[Text-to-region grounding data]
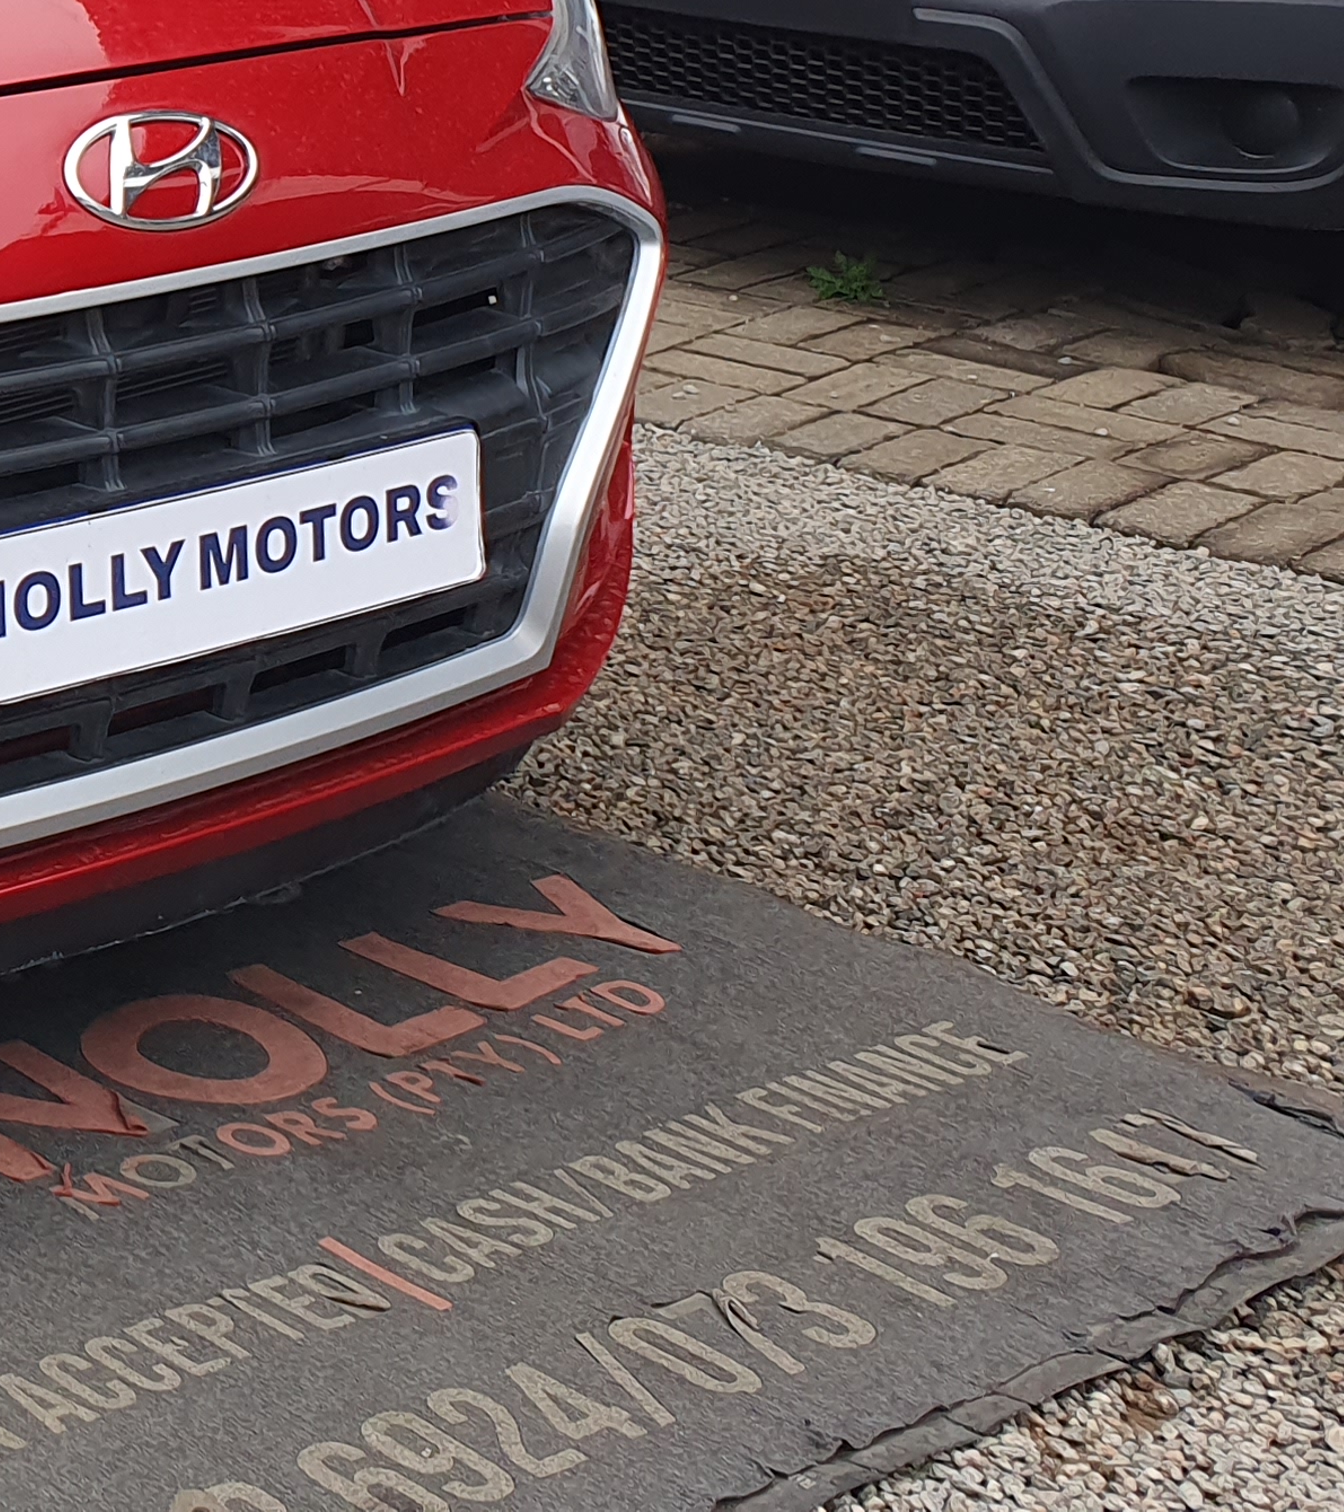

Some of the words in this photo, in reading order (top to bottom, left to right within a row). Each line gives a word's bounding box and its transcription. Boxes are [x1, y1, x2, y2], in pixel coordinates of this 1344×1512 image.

[198, 474, 459, 590] MOTORS
[50, 1095, 379, 1222] MOTORS
[366, 1032, 565, 1115] (PTY)
[529, 978, 667, 1042] LTD
[376, 1101, 796, 1285] CASH/BANK
[735, 1020, 1030, 1134] FINANCE
[295, 1269, 878, 1512] 6924/073
[813, 1193, 1061, 1308] 196
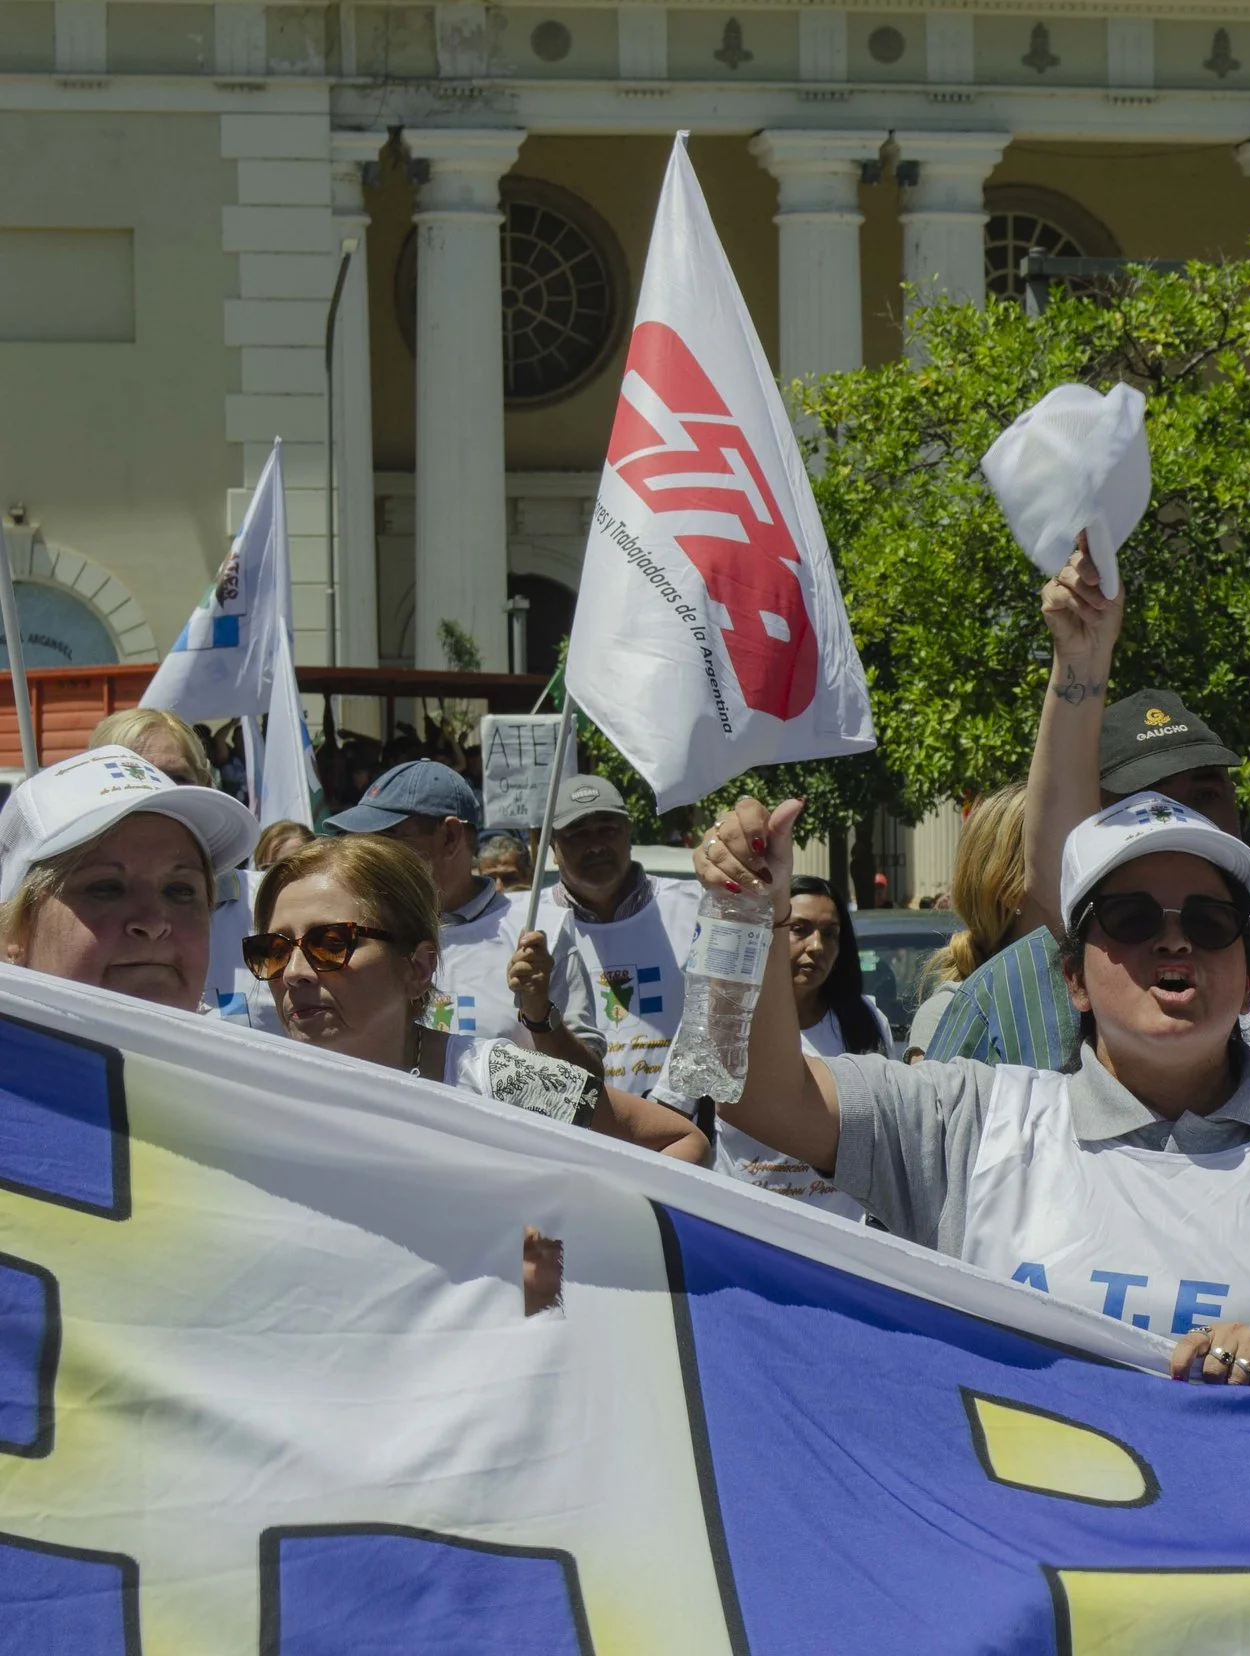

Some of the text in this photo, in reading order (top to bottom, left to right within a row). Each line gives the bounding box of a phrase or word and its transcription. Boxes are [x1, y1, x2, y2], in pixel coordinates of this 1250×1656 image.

BRIEF -
Every entry above should be printed again exactly, except for the pictures.

OUTPUT OF THE EXERCISE -
Some of the words in this photo, in reading order (top to bottom, left to right within a row). Each line gives a word's bounding box and its transcription. Boxes are [x1, y1, x2, y2], in pixel coordinates of this 1344×1512 image.

[198, 474, 459, 590] MOTORS
[50, 1095, 379, 1222] MOTORS
[366, 1032, 565, 1115] (PTY)
[529, 978, 667, 1042] LTD
[376, 1101, 796, 1285] CASH/BANK
[735, 1020, 1030, 1134] FINANCE
[295, 1269, 878, 1512] 6924/073
[813, 1193, 1061, 1308] 196

Some of the text in this photo, in reading order (top to bottom, left to right within a row). Each line gives the bounding box of a phrase or word and its transcription. Boxes are [x1, y1, x2, y2], in pixel coordinates of this 1250×1656 image.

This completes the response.